SHA-256 from Lesson 1 reappears here too. The key property of hash functions — same input always produces same output, changing even 1 bit produces completely different output. We use this property to create txids. Feed transaction content into SHA-256 and out comes a unique "fingerprint" for that transaction. That's the txid.
🤔 Think about it: A check has a "date." Do blockchain transactions have timestamps? If so, where?
View answer
Transactions themselves usually don't have timestamps. Instead, blocks carry timestamps. The moment a transaction is included in a block, that block's timestamp becomes the transaction's time. We'll look at this in detail in Lesson 4 when we cover block structure.

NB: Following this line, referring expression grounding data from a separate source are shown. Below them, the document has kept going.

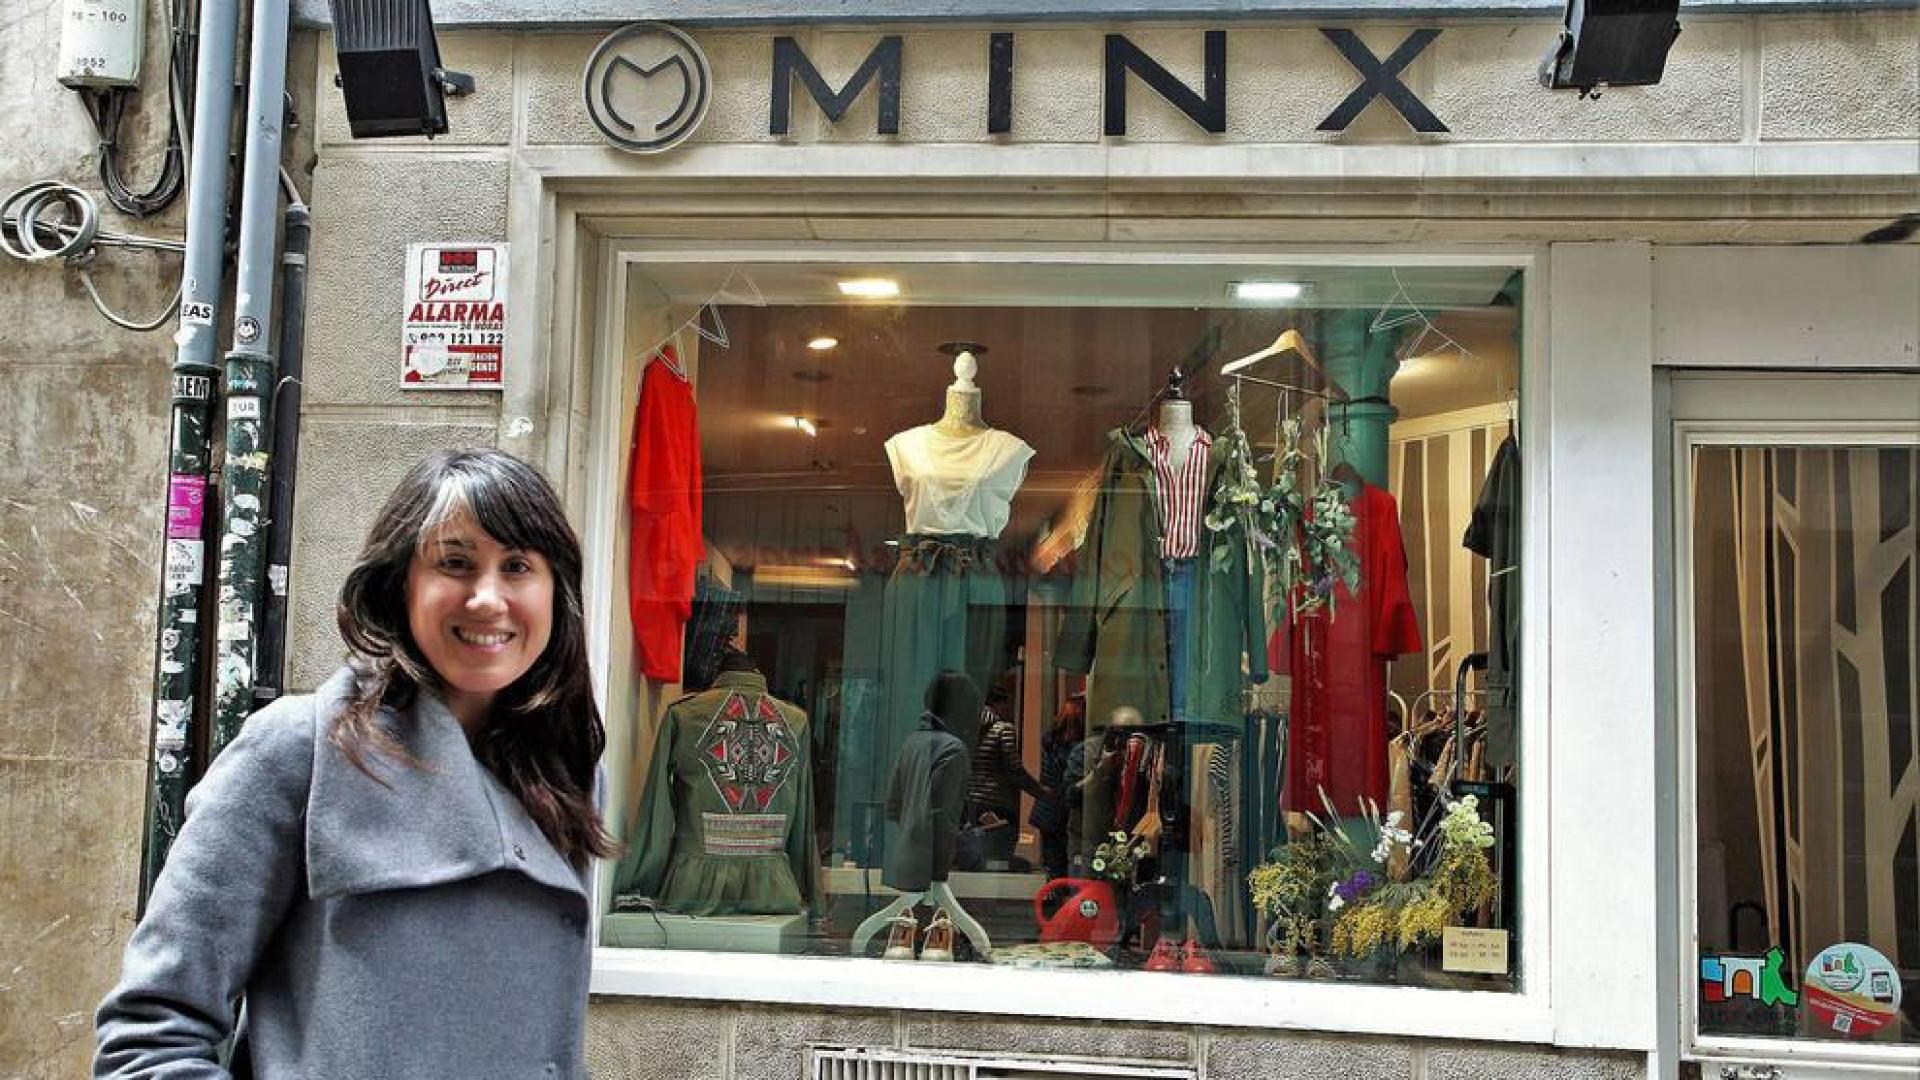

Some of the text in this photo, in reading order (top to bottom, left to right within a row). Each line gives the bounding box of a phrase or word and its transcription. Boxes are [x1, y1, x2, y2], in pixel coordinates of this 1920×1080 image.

[769, 27, 1451, 137] MINX
[424, 271, 491, 299] Direct
[408, 302, 504, 322] ALARMA
[451, 332, 472, 344] 121
[480, 332, 503, 344] 122

Bitcoin Transaction Inputs and Outputs — Simplified Real Structure
I'll be honest. At first I thought of transactions as simple records like "A sent B 5 BTC." I was wrong. Bitcoin's actual model is UTXO (Unspent Transaction Output) based. We'll dive deep in Lesson 7, but let's grab just the core idea now.
The key formula:
Fee = Sum of Inputs − Sum of Outputs
Alice referenced a 10 BTC output and sent 7 BTC to Bob and 2.99 BTC back to herself. The remaining 0.01 BTC? There's no explicit output, so it becomes the miner's fee. I still vividly remember the shock of first understanding this structure. "Ah, Bitcoin doesn't even have a concept of 'balance.'"
🤔 Think about it: What if Alice accidentally omits the change output and puts input 10 BTC, output 7 BTC (to Bob) only?
View answer
All 3 BTC becomes the fee! The miner gets all 3 BTC. This has actually happened in Bitcoin history. In 2016, someone broadcast a transaction that accidentally paid 291 BTC (roughly $135,000 USD at the time) as a fee. This is why you must always validate that the sum of inputs equals the sum of outputs when creating transactions in code.
We'll simplify this UTXO model in PyChain to start. Today we build the basic structure with sender, recipient, and amount fields, then expand to UTXO in Lesson 7. Why simplify first? In my experience, trying to implement the full UTXO from the start buries the more important concept of the sign-verify flow.
Step 1: The Transaction Skeleton — Serialization and txid
To create a transaction, we first need to structure the data. Let's start with a Python dictionary.
# Basic structure of transaction data
import json
import hashlib
tx_data = {
"sender": "alice_address_abc123",
"recipient": "bob_address_def456",
"amount": 7.0
}
# Serialization: dictionary → sorted JSON string
# sort_keys=True is crucial — different key order means different hash!
tx_string = json.dumps(tx_data, sort_keys=True)
print(f"Serialized transaction: {tx_string}")
# Generate txid: create a 'fingerprint' with SHA-256 from Lesson 1
txid = hashlib.sha256(tx_string.encode()).hexdigest()
print(f"Transaction ID (txid): {txid}")
# Expected output:
# Serialized transaction: {"amount": 7.0, "recipient": "bob_address_def456", "sender": "alice_address_abc123"}
# Transaction ID (txid): 6a7f8d... (64-character hex hash)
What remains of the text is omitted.